Last year the Swiss attorney general’s office released a dossier strongly suggesting that bribes paid in connection with a Petrobras project in Africa in 2011 had ended up in secret bank accounts belonging to Cunha containing at least $5 million.

Prosecutors in the Lava Jato investigation have accused Cunha of taking in some $40 million in bribes for himself and his political allies. The lawmaker, a right-wing evangelical Christian, is further charged with using a Brazilian mega-church to launder the money. According to one report Thursday, prosecutors are considering a request for Cunha’s preventive detention.

Third in line of succession is the PMDB head of the Senate, Renan Calheiros, who is also the target of multiple investigations by Lava Jato prosecutors on charges of corruption and money laundering in connection with Petrobras bribes and kickbacks. He narrowly escaped removal from his post in 2007 over a scandal involving a major construction contractor paying rent and child support to his former lover.

Meanwhile, the Petrobras scandal appeared to come closer to enveloping Rousseff with the report Thursday that executives of Andrade Gutierrez, Brazil’s second largest construction company, had testified as part of plea bargains that they and other major contractors had diverted the equivalent of more than $40 million from inflated contracts for the Belo Monte hydroelectric plant into the coffers of the PT and other major parties. At least $5 million from Andrade Gutierrez alone went into Rousseff’s 2014 campaign, according to the report.

While the revelation could add fuel to the demand of the PT’s main right-wing opposition party, the PSDB (Brazilian Social Democracy Party), for electoral authorities to annul Rousseff’s 2014 victory and call new elections, it appears that the PSDB itself received similar funding.

What has emerged from the various investigations, confessions and testimonies is a portrait of a political order in a state of utter corruption, decay and crisis. Under conditions of the worst economic crisis to hit Brazil since the 1930s, bringing with it over 100,000 layoffs a month and an inflation rate that topped 10 percent, what has emerged is a full-blown crisis of capitalist rule.

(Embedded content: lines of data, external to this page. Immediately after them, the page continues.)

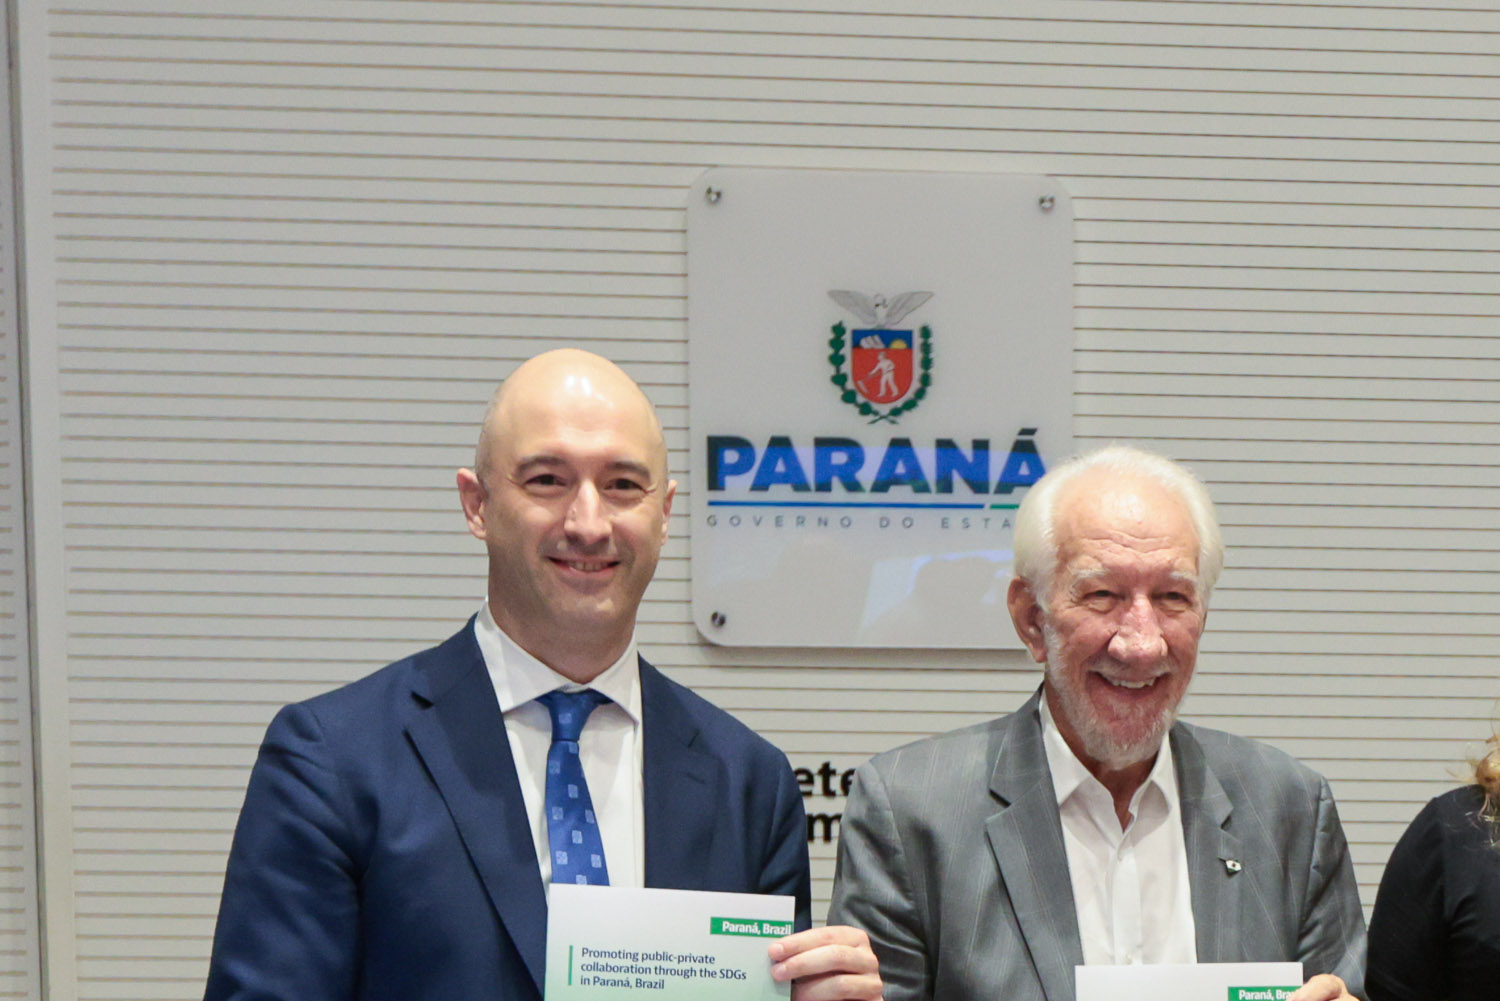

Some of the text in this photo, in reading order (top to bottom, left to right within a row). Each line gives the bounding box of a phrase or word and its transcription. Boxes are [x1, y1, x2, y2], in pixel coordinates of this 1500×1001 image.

[706, 428, 1046, 494] PARANÁ
[707, 515, 1011, 530] GOVERNO DO ESTA
[722, 921, 792, 936] Paraná, Brazil
[581, 948, 716, 965] Promoting public-private
[581, 962, 747, 980] collaboration through the SDGs
[580, 976, 665, 990] in Paraná, Brazil
[1239, 989, 1274, 1001] Paraná,

Leading sections of both the Brazilian corporate and financial elite as well as international finance capital clearly have aimed to exploit the crisis to drive out Rousseff and the PT and introduce a radically new economic and social regime based on sharp attacks on social spending, pensions and labor rights aimed at boosting profits and making Brazilian capitalism more “competitive” on the world market.

Other layers, however, are concerned that these policies will provoke a social explosion, and continue to believe that the PT is best equipped politically, through its alliance with the trade union bureaucracy, to carry through radical “reforms” while suppressing workers’ struggles.

It is by no means certain that the impeachment drive will secure the two-thirds majority needed to proceed. While the PMDB has broken with Rousseff and its leading figures favor impeachment, at least three of the seven ministers it had in the government are apparently disregarding the party’s demand that they resign, and a number of its members in congress are reportedly opposed to impeachment.

Former president and Workers Party founder, Luiz Inacio Lula da Silva, has taken up residence at a hotel in Brasilia and is busily doing deals with minor parties offering posts and political favors in return for “no” votes. The right-wing Progressive Party (PP), a coalition partner with the PT, has refused to leave the government.

The response of the ruling class as a whole to the resistance of Brazil’s workers and youth to the “reform” policies to which both sides are committed found expression in the streets of Sao Paulo April 6 when military police shock troops brutally attacked a demonstration of high school students.

Among the students’ principal demands is the creation of a parliamentary commission of inquiry to investigate the diversion of millions of dollars from the school lunch program in Sao Paulo state schools, a scandal that appears also to have involved bribes and kickbacks to leading politicians, while robbing the state’s youth of food. At least two students were wounded by shrapnel from stun grenades and one fainted from teargas.